Calendula maroccana

Scientific classification
- Kingdom: Plantae
- Clade: Tracheophytes
- Clade: Angiosperms
- Clade: Eudicots
- Clade: Asterids
- Order: Asterales
- Family: Asteraceae
- Genus: Calendula
- Species: C. maroccana
- Binomial name: Calendula maroccana Ball, 1893

= Calendula maroccana =

- Authority: Ball, 1893

Species of plant

Calendula maroccana is a species of annual flowering plant in the marigold genus Calendula, family Asteraceae. It grows primarily in a subtropical biome, and is endemic to Morocco.

Calendula maroccana also contains the subspecies Calendula maroccana murbeckii.

==Description==
C. maroccana is a spreading perennial, non-succulent herb, standing 20cm-40cm high, with glandular hairs. Foliage is green, with massed, yellow flowers peaking in spring and summer but sporadic throughout the year.The leaves are alternate, 2.5-10cm long to 20mm wide, flat, and hairy to rough in texture, with margins mostly wavy and toothed, and tips more or less pointed.
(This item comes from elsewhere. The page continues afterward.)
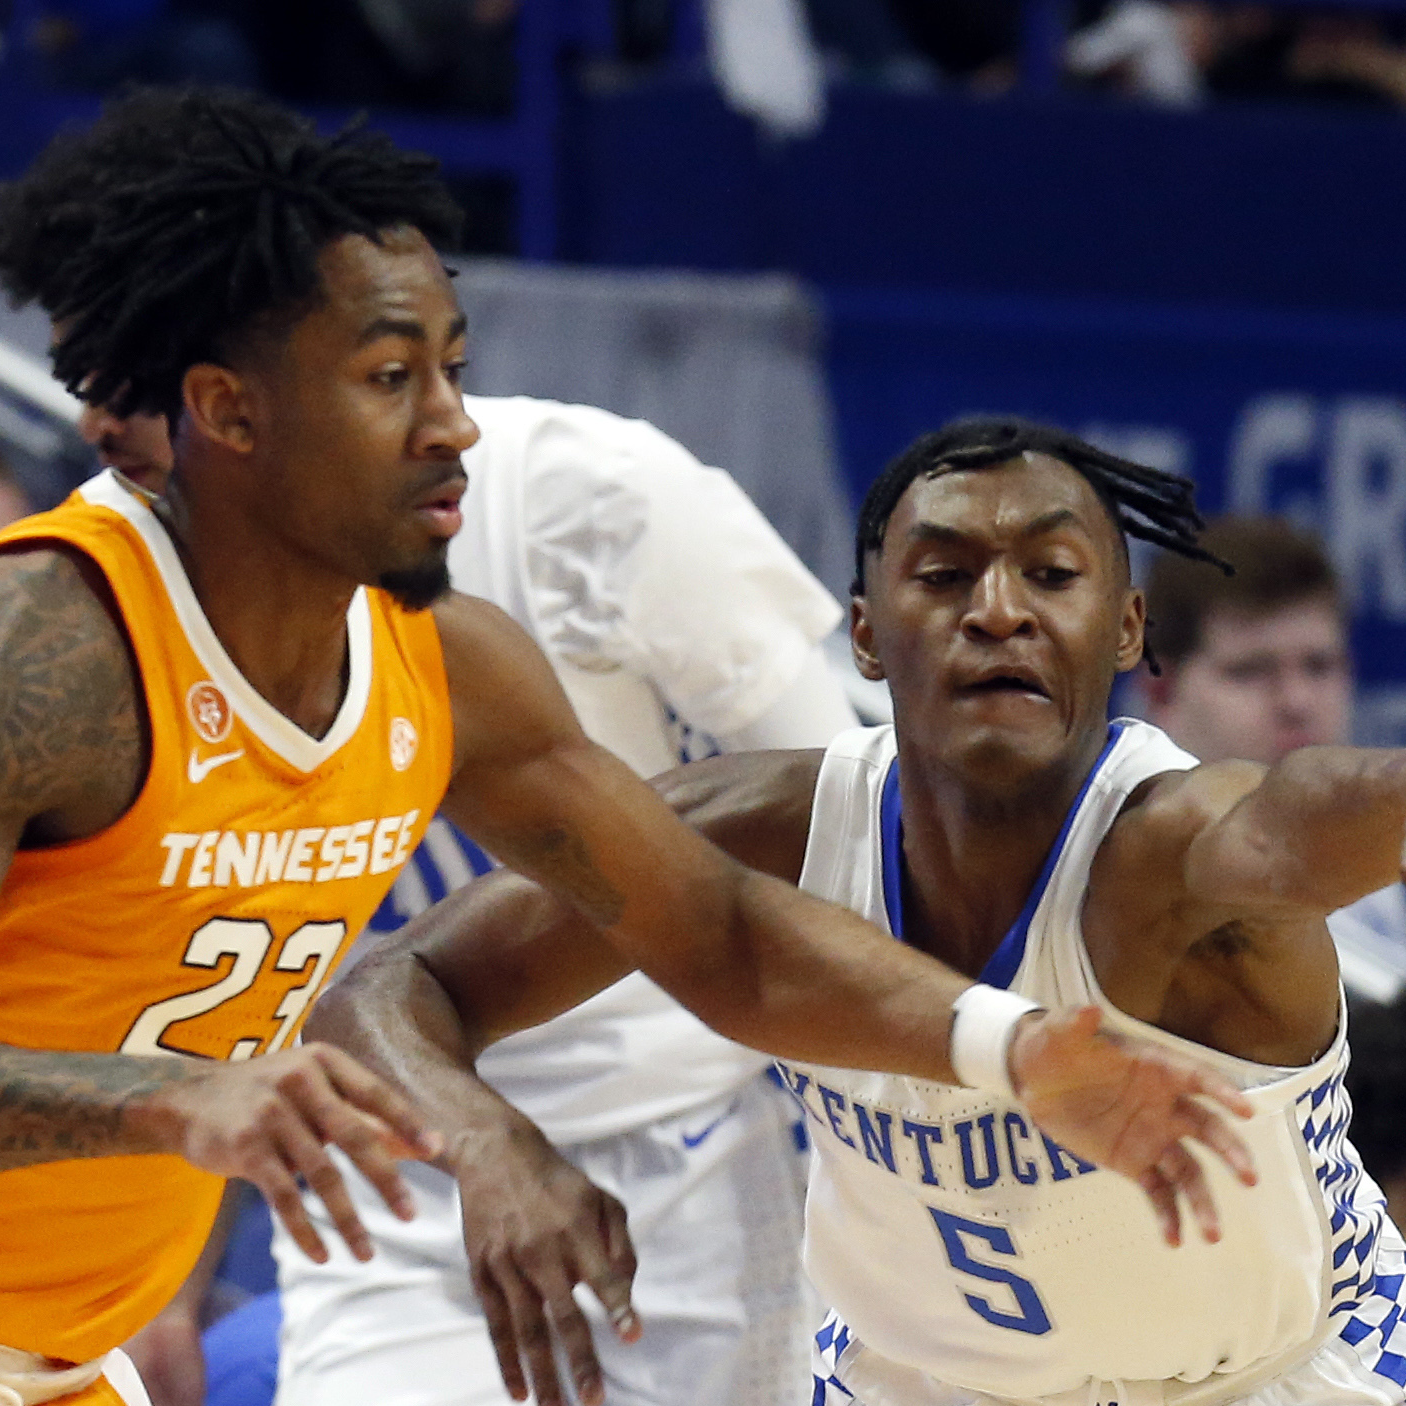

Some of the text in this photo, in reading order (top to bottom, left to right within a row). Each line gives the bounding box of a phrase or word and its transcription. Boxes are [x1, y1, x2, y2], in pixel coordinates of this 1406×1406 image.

[158, 808, 421, 889] TENNESSEE
[118, 914, 347, 1061] 23
[775, 1060, 1098, 1190] KENTUCK
[928, 1204, 1058, 1337] 5
The flower heads, composed of yellow or orange florets with yellow or brown centres, are borne singly at the ends of the stems. They have 2.5–4 cm long outer achenes, 2–2.5 cm long beaks, sometimes crested or toothed. Intermediate achenes are elongated; inner achenes are smaller, curved, with scattered hairs.

Calendula maroccana is similar to Calendula. arvensis, but is distinguished by a more slender habit, and a larger flower with tapered involucral bracts.

==Habitat==
Calendula maroccana grows best in scrubland, on well-drained, stony ground or sand. It is not considered to be an endangered species.

==Medicinal Use==
Calendula moroccana contains antioxidant and antibacterial agents that could be used in phytotherapy, pharmaceutical and food sectors.